Listo, me dije, con las fotos de los fuegos me hago famoso. Capturaría un momento efímero (aunque en ese tiempo obviamente no tenía idea de la existencia de esa palabra) que además estaría lleno de colores, sería imponente, etc.
Me pasé toda la noche sacando fotos al show de la bahía. Me fui a dormir pasadito las 12 con la sensación del deber cumplido. Estuve ansioso un par de días más porque tenía que esperar a llegar a Santiago para revelar las fotos. Obligué a mi mamá a llevarme a un Kodak y voilá: ahí estaban las peores fotos de fuegos artificiales de la historia. Si no te decía que eran fuegos artificiales, no lo adivinabas. Claramente no tenía idea cómo usar una cámara, ni menos cómo sacarle fotos a cosas luminosas en la mitad de la noche. Fracaso total.
Fast forward al año 2012. Después de ahorrar durante dos años seguidos –y no vendiendo fotos precisamente– logré ir a conocer Europa. Como buen turista primerizo fui a cuanto museo se me cruzó, y en uno de esos me encontré con una muestra especial de Joan Miró en Barcelona. Estaban mostrando uno de sus cuadros de fuegos artificiales.
Ahí estaban mis fuegos artificiales. Calcados. Después me enteré que Miró había hecho estos cuadros mediante una técnica a lo Pollock: esto es, tirar pintura encima de un lienzo blanco. Pero por arte de magia –o por el talento de Joan, está en discusión todavía– quedaron iguales a los negativos de mis fotos de adolescente.
Bueno, siendo honesto los cuadros de Miró, que ni siquiera son sus mejores obras, estaban incluso mejores que mis fotografías. Por mucho que les quisiera endilgar un arrebato surrealista, estaban malísimas por donde se las mirara.
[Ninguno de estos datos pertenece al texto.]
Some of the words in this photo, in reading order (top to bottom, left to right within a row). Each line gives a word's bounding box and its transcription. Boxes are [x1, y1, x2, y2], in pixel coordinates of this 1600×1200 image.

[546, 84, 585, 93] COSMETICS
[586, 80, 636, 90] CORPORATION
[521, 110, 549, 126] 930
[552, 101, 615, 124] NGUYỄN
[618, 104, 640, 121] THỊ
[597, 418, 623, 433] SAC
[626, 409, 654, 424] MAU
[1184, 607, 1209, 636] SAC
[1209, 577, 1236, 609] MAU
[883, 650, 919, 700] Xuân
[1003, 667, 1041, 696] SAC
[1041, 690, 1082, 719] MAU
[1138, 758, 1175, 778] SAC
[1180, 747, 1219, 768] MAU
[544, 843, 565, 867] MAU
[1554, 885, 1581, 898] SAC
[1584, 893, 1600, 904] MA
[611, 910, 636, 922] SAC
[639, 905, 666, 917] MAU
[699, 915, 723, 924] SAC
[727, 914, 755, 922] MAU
Desde ese entonces asocio cada año nuevo a Joan Miró. Que además de ese tríptico pintó unas "tracas", el nombre español para los petardos, que tiene una linda aliteración (aunque nada como la palabra guatapique, pero eso da para otro post).
Fuegos artificiales y Joan pegan bien: la obra de Miró siempre estuvo marcada por el surrealismo más militante, ese que creía que había que dejar al inconsciente libre para que hiciera su trabajo, ya fuese escribiendo o en su caso, pintando. Por eso cada vez optaba por métodos más automáticos, siempre conservando su estilo naïf y un poco infantil.
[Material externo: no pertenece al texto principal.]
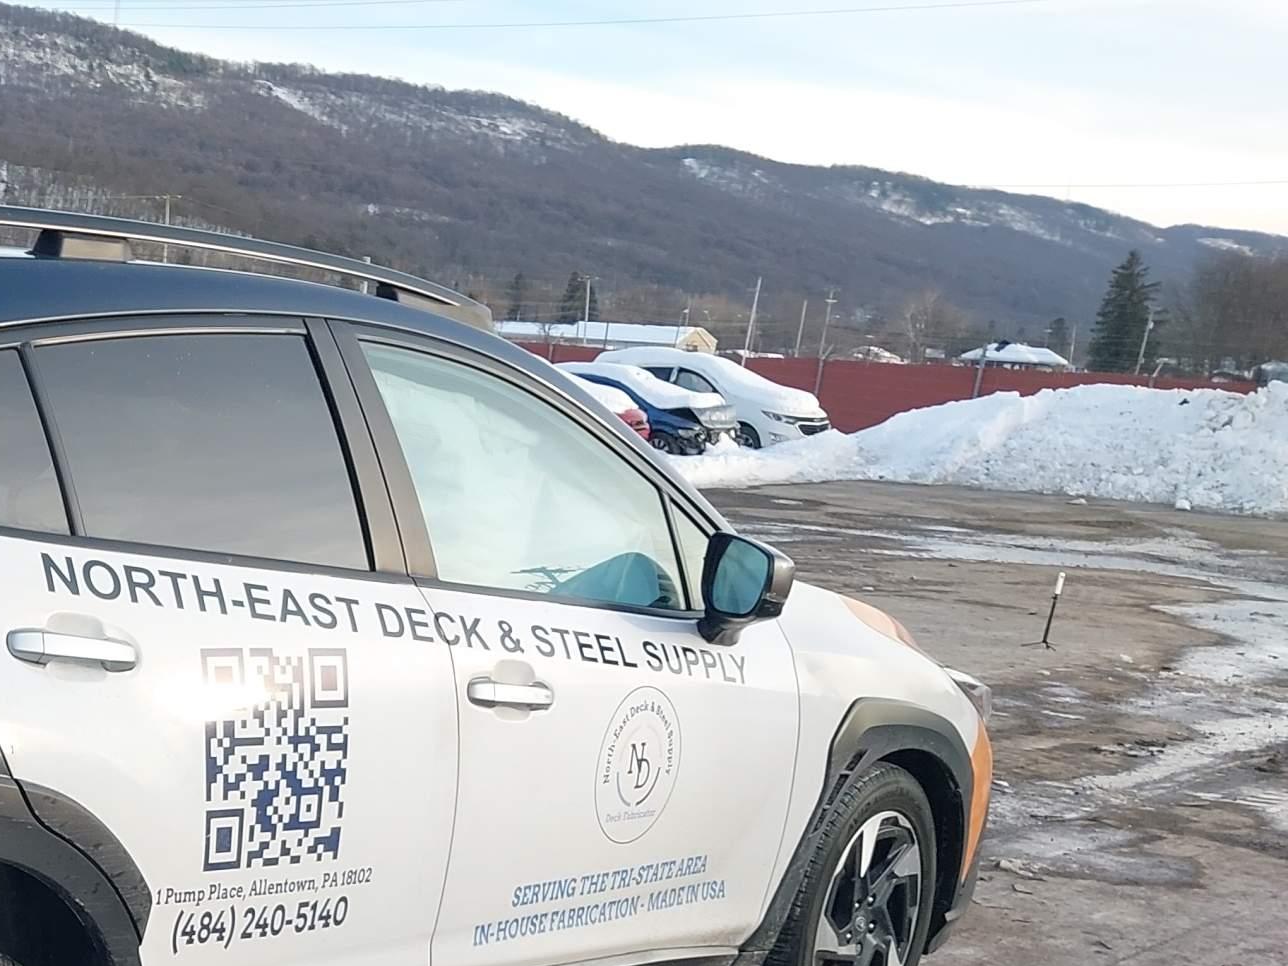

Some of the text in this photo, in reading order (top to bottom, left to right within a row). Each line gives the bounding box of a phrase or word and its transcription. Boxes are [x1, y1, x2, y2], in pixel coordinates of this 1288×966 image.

[41, 552, 746, 685] NORTH-EAST DECK & STEEL SUPPLY
[156, 867, 373, 906] 1 Pump Place, Allentown, PA 18102
[511, 855, 708, 907] SERVING THE TRI-STATE AREA
[172, 896, 348, 955] (484) 240-5140
[473, 912, 548, 946] IN-HOUSE
[548, 895, 641, 931] FABRICATION
[647, 888, 683, 912] MADE
[682, 884, 701, 905] IN
[701, 880, 726, 900] USA
Un poco como la reacción natural que tenemos al ver fuegos artificiales, se te revuelve algo primigenio cuando ves esas luces explotar en el cielo. En Valparaíso se ven de lejos, y tiene un encanto, aunque una vez en Panamá (no crean que viajo tanto, la verdad es que hace tres años que no paso de Chillán hacia el sur) me tocó pasar un año nuevo donde la gente tiraba petardos y fuegos artificiales en la calle, y ahí de cerca sí que te sobrecogen.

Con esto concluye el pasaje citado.